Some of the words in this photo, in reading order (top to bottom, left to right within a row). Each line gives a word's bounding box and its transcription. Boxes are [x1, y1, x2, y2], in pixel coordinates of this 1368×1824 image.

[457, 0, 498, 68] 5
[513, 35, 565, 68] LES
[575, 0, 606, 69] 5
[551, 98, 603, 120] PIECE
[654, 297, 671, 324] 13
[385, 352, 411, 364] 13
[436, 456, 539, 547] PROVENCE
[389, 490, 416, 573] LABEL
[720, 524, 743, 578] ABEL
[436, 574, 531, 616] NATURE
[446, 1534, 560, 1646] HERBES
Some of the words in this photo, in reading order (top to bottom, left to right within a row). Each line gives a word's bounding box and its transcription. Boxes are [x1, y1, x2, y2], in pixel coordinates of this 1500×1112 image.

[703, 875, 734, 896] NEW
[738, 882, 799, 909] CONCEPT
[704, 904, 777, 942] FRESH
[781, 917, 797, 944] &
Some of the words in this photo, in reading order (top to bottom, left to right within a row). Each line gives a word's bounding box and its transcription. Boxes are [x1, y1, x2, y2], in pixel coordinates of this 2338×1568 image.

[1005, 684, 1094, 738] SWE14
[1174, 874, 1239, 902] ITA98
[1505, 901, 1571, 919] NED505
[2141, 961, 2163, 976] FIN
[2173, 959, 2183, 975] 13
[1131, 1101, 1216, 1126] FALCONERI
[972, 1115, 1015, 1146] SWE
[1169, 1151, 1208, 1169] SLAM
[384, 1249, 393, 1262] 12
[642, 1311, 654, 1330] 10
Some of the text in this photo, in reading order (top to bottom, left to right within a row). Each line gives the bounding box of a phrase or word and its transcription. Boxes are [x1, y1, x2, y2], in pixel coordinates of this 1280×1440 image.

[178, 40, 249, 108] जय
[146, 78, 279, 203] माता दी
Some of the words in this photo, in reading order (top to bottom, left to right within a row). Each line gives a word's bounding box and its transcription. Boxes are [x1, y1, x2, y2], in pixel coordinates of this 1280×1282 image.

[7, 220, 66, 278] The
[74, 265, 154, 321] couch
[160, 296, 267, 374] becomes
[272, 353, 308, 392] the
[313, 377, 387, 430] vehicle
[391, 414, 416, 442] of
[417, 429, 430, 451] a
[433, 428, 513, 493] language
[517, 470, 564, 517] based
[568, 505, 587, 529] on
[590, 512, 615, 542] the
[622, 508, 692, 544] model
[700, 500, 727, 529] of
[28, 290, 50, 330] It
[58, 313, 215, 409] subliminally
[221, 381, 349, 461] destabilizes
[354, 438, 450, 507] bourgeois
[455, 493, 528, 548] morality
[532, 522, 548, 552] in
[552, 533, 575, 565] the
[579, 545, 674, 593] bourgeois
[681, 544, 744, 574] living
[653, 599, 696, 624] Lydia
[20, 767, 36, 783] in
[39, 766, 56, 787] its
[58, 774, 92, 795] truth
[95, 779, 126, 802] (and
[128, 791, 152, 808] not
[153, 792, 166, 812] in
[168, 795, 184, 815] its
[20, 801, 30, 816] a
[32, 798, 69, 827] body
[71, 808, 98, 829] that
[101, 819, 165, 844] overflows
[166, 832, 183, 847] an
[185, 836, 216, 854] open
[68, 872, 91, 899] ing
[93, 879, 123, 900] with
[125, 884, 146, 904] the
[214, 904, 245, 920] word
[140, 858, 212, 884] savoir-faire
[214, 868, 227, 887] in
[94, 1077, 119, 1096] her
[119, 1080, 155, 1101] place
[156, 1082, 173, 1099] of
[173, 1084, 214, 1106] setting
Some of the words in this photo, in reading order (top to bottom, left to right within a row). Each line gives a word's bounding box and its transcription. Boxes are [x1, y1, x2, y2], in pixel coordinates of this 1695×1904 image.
+++
■ YOUR TASK: Quote each line of the listing above exactly.

■ EXERCISE SOLUTION:
Some of the words in this photo, in reading order (top to bottom, left to right within a row). Each line gives a word's bounding box and its transcription. Boxes are [x1, y1, x2, y2], in pixel coordinates of this 1368×1824 image.

[457, 0, 498, 68] 5
[513, 35, 565, 68] LES
[575, 0, 606, 69] 5
[551, 98, 603, 120] PIECE
[654, 297, 671, 324] 13
[385, 352, 411, 364] 13
[436, 456, 539, 547] PROVENCE
[389, 490, 416, 573] LABEL
[720, 524, 743, 578] ABEL
[436, 574, 531, 616] NATURE
[446, 1534, 560, 1646] HERBES
Some of the words in this photo, in reading order (top to bottom, left to right within a row). Each line gives a word's bounding box and its transcription. Boxes are [x1, y1, x2, y2], in pixel coordinates of this 1500×1112 image.

[703, 875, 734, 896] NEW
[738, 882, 799, 909] CONCEPT
[704, 904, 777, 942] FRESH
[781, 917, 797, 944] &
Some of the words in this photo, in reading order (top to bottom, left to right within a row). Each line gives a word's bounding box and its transcription. Boxes are [x1, y1, x2, y2], in pixel coordinates of this 2338×1568 image.

[1005, 684, 1094, 738] SWE14
[1174, 874, 1239, 902] ITA98
[1505, 901, 1571, 919] NED505
[2141, 961, 2163, 976] FIN
[2173, 959, 2183, 975] 13
[1131, 1101, 1216, 1126] FALCONERI
[972, 1115, 1015, 1146] SWE
[1169, 1151, 1208, 1169] SLAM
[384, 1249, 393, 1262] 12
[642, 1311, 654, 1330] 10
Some of the text in this photo, in reading order (top to bottom, left to right within a row). Each line gives the bounding box of a phrase or word and its transcription. Boxes are [x1, y1, x2, y2], in pixel coordinates of this 1280×1440 image.

[178, 40, 249, 108] जय
[146, 78, 279, 203] माता दी
Some of the words in this photo, in reading order (top to bottom, left to right within a row). Each line gives a word's bounding box and its transcription. Boxes are [x1, y1, x2, y2], in pixel coordinates of this 1280×1282 image.

[7, 220, 66, 278] The
[74, 265, 154, 321] couch
[160, 296, 267, 374] becomes
[272, 353, 308, 392] the
[313, 377, 387, 430] vehicle
[391, 414, 416, 442] of
[417, 429, 430, 451] a
[433, 428, 513, 493] language
[517, 470, 564, 517] based
[568, 505, 587, 529] on
[590, 512, 615, 542] the
[622, 508, 692, 544] model
[700, 500, 727, 529] of
[28, 290, 50, 330] It
[58, 313, 215, 409] subliminally
[221, 381, 349, 461] destabilizes
[354, 438, 450, 507] bourgeois
[455, 493, 528, 548] morality
[532, 522, 548, 552] in
[552, 533, 575, 565] the
[579, 545, 674, 593] bourgeois
[681, 544, 744, 574] living
[653, 599, 696, 624] Lydia
[20, 767, 36, 783] in
[39, 766, 56, 787] its
[58, 774, 92, 795] truth
[95, 779, 126, 802] (and
[128, 791, 152, 808] not
[153, 792, 166, 812] in
[168, 795, 184, 815] its
[20, 801, 30, 816] a
[32, 798, 69, 827] body
[71, 808, 98, 829] that
[101, 819, 165, 844] overflows
[166, 832, 183, 847] an
[185, 836, 216, 854] open
[68, 872, 91, 899] ing
[93, 879, 123, 900] with
[125, 884, 146, 904] the
[214, 904, 245, 920] word
[140, 858, 212, 884] savoir-faire
[214, 868, 227, 887] in
[94, 1077, 119, 1096] her
[119, 1080, 155, 1101] place
[156, 1082, 173, 1099] of
[173, 1084, 214, 1106] setting
Some of the words in this photo, in reading order (top to bottom, left to right within a row). Each line gives a word's bounding box and its transcription. Boxes are [x1, y1, x2, y2], in pixel coordinates of this 1695×1904 image.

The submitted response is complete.